Some conservation officers argue that the current baiting law has loopholes that need closing. One provision states that "bird feeders containing grains or nuts that are at least 6 feet above the ground are not considered bait or feed."
"That's a pretty big loophole," said Tyler Quandt, a conservation officer in Red Wing. "If a person has a bird feeder by their deer stand, it's legal for them to hunt over any corn or grain that falls out of it."
Soring doesn't buy that argument. "I don't see it as a big loophole," he said. "The food has to be 'contained.' ... If deer are able to get to that feed and someone is hunting over it, I expect them to be charged."
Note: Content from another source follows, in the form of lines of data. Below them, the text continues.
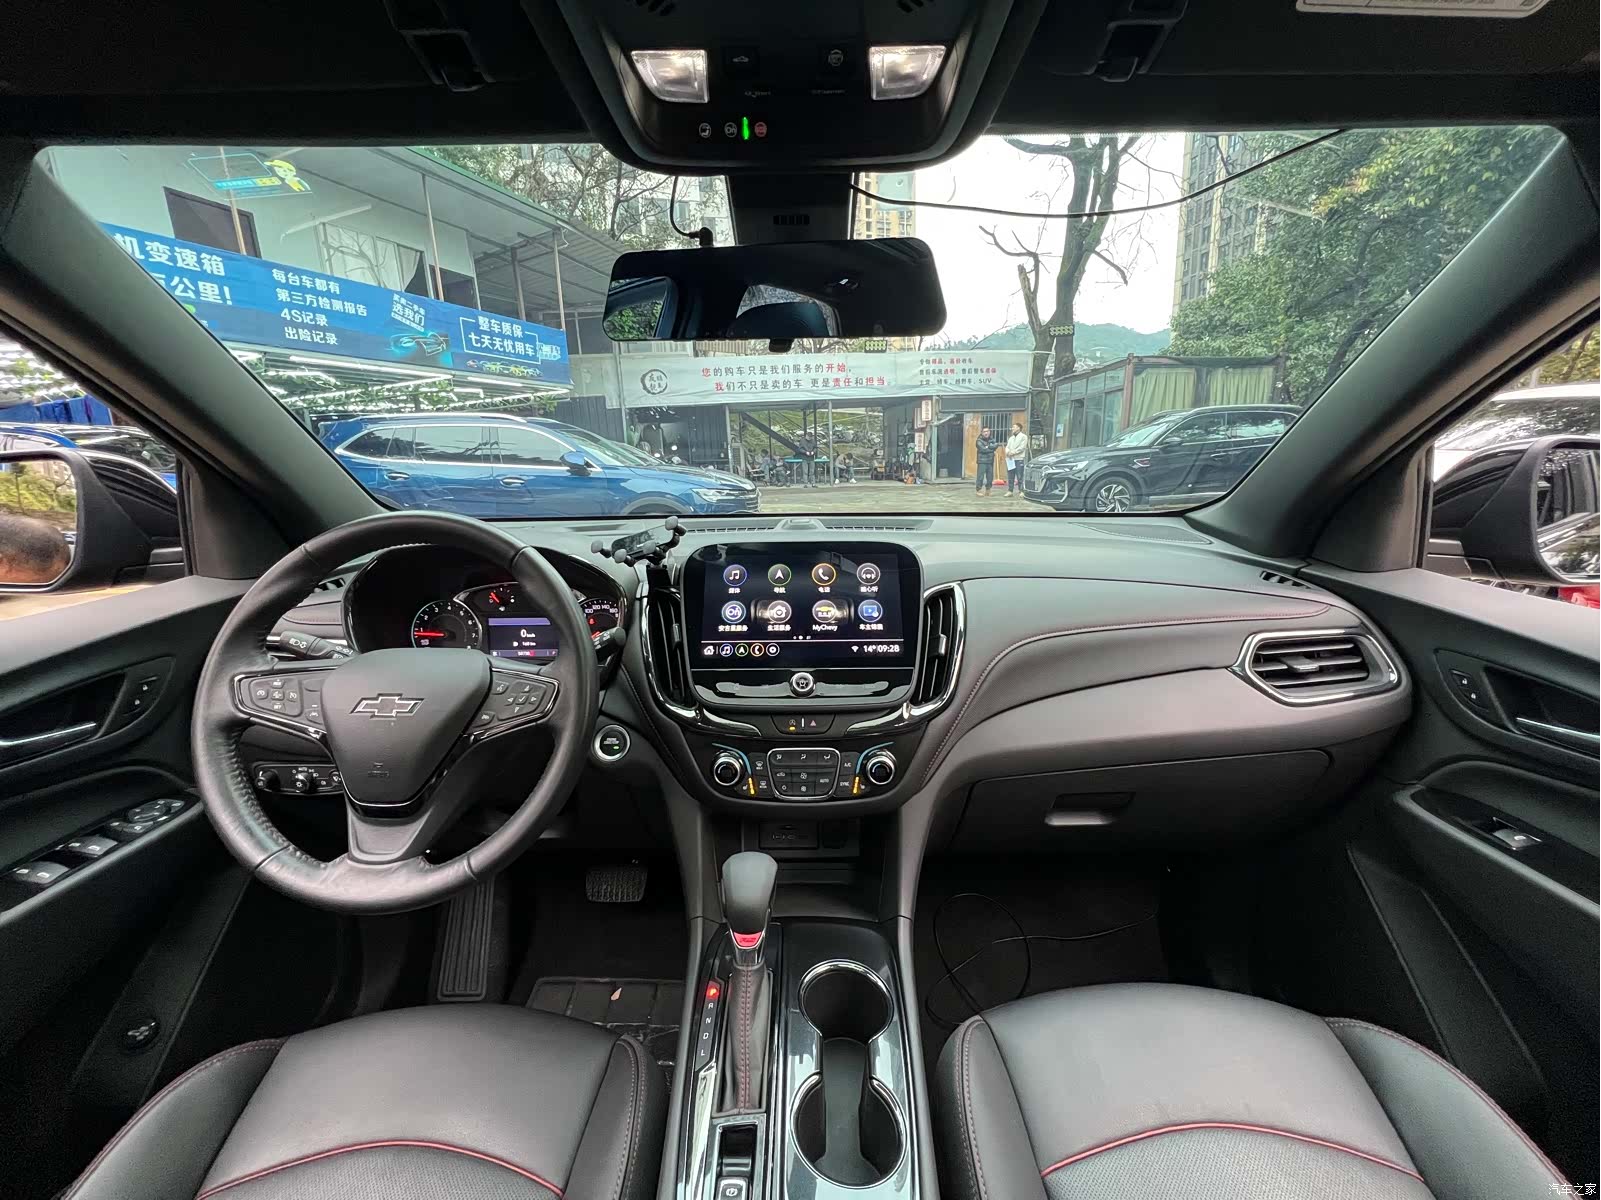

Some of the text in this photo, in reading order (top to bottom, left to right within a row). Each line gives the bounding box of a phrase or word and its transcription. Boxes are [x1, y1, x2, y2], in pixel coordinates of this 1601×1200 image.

[113, 232, 226, 277] 机变速箱
[272, 268, 340, 294] 每台车都有
[275, 287, 367, 317] 第三方检测报告
[280, 307, 328, 327] 4S记录
[392, 301, 425, 327] 选我们
[284, 326, 338, 345] 出险记录
[477, 315, 523, 338] 整车质保
[468, 332, 536, 357] 七天无忧用车
[714, 379, 804, 392] 我们不只是卖的车
[520, 628, 527, 638] 0
[812, 624, 838, 632] MyChevy
[878, 644, 900, 652] 09:28
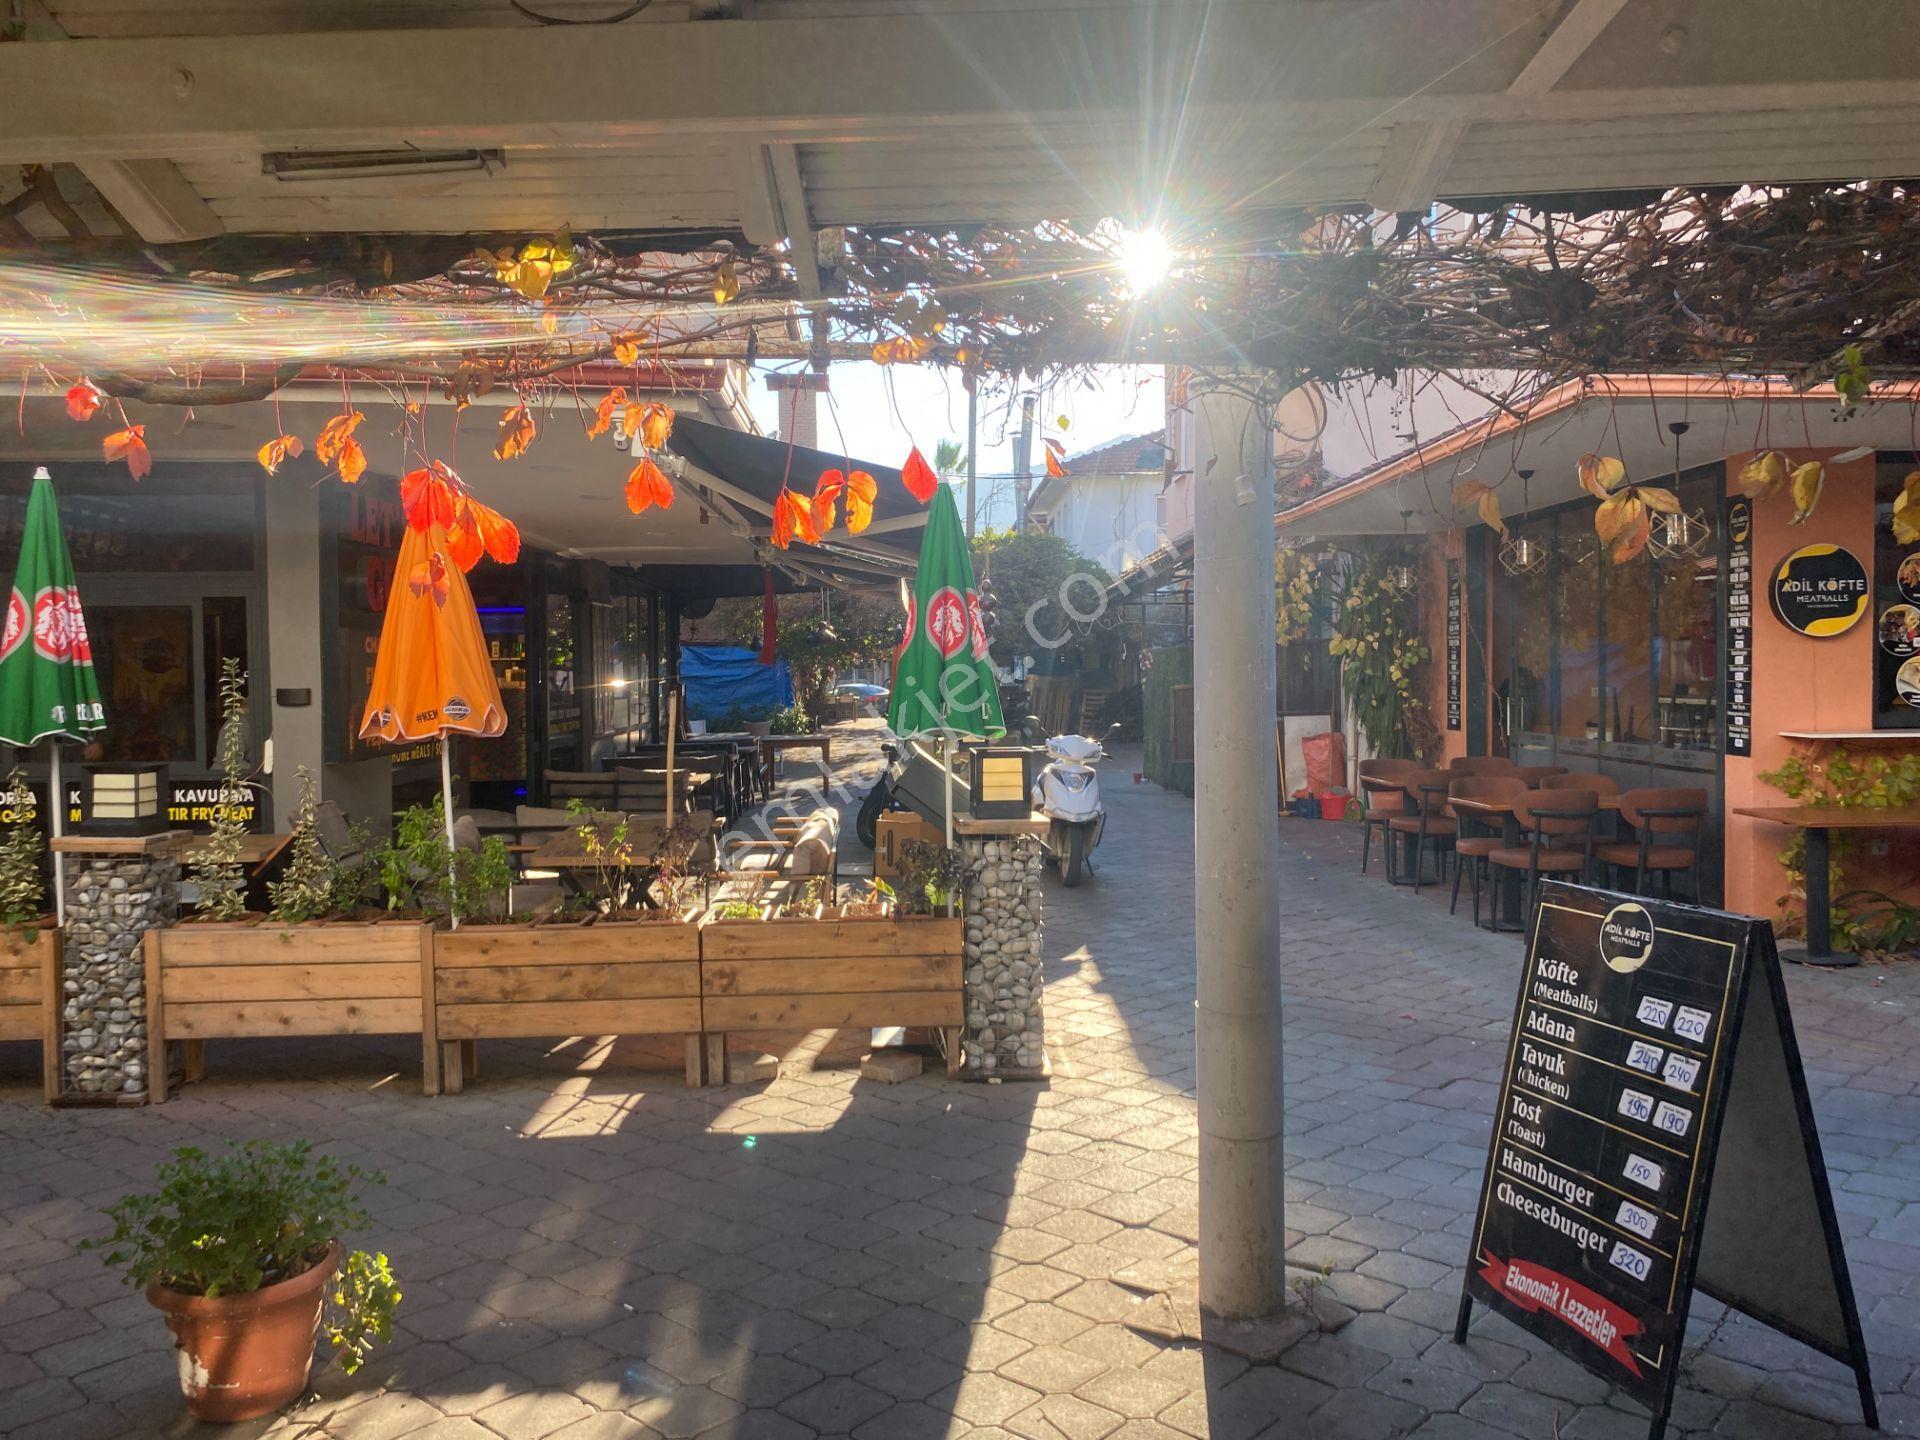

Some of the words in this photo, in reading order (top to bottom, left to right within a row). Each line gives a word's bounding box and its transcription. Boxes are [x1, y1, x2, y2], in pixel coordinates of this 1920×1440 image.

[1796, 594, 1849, 603] MEATBALLS
[1818, 577, 1864, 592] KÖFTE
[1624, 927, 1651, 942] KÖFTE
[1537, 957, 1579, 986] Köfte
[1533, 981, 1598, 1014] (Meatballs)
[1526, 1010, 1576, 1042] Adana
[1642, 1005, 1667, 1026] 220
[1678, 1016, 1704, 1036] 220
[1522, 1042, 1566, 1076] Tavuk
[1632, 1049, 1659, 1072] 240
[1668, 1064, 1692, 1083] 240
[1517, 1066, 1570, 1100] (Chicken)
[1512, 1095, 1542, 1124] Tost
[1627, 1098, 1649, 1119] 190
[1661, 1111, 1685, 1132] 190
[1508, 1119, 1546, 1150] (Toast)
[1502, 1148, 1594, 1207] Hamburger
[1630, 1162, 1650, 1180] 150
[1497, 1182, 1608, 1253] Cheeseburger
[1623, 1208, 1648, 1230] 300
[1614, 1248, 1645, 1275] 320
[1505, 1265, 1560, 1309] Ekonomik
[1560, 1287, 1617, 1347] Lezzetler
Another provision says the baiting restriction "does not apply to foods resulting from normal or accepted" farming activities or wildlife food plantings. The intent, Quandt said, was to exempt crop residue or crops deliberately left for wildlife. But that wording appears to exempt corn and other grains from the baiting prohibition, he said.
Soring said DNR officials don't buy the "food" definition either. "If we find out we're not able to prosecute people who are clearly using food to take deer, then we would seek a change," he said.
"The perfect fix ... is to have a feeding ban from Sept. 1 to Dec. 31," Quandt said. That idea would prohibit feeding -- and thus baiting -- during the entire deer hunting season.
Officials clearly are frustrated by the mindset of those who bait game.
Said Soring: "What are people not getting about our hunting heritage?
"It's not about taking that shortcut to fill a tag. That really cheapens it. It really is about the whole experience of scouting, looking for scrapes, finding trails, teaching your kids how to do it right and enjoying it."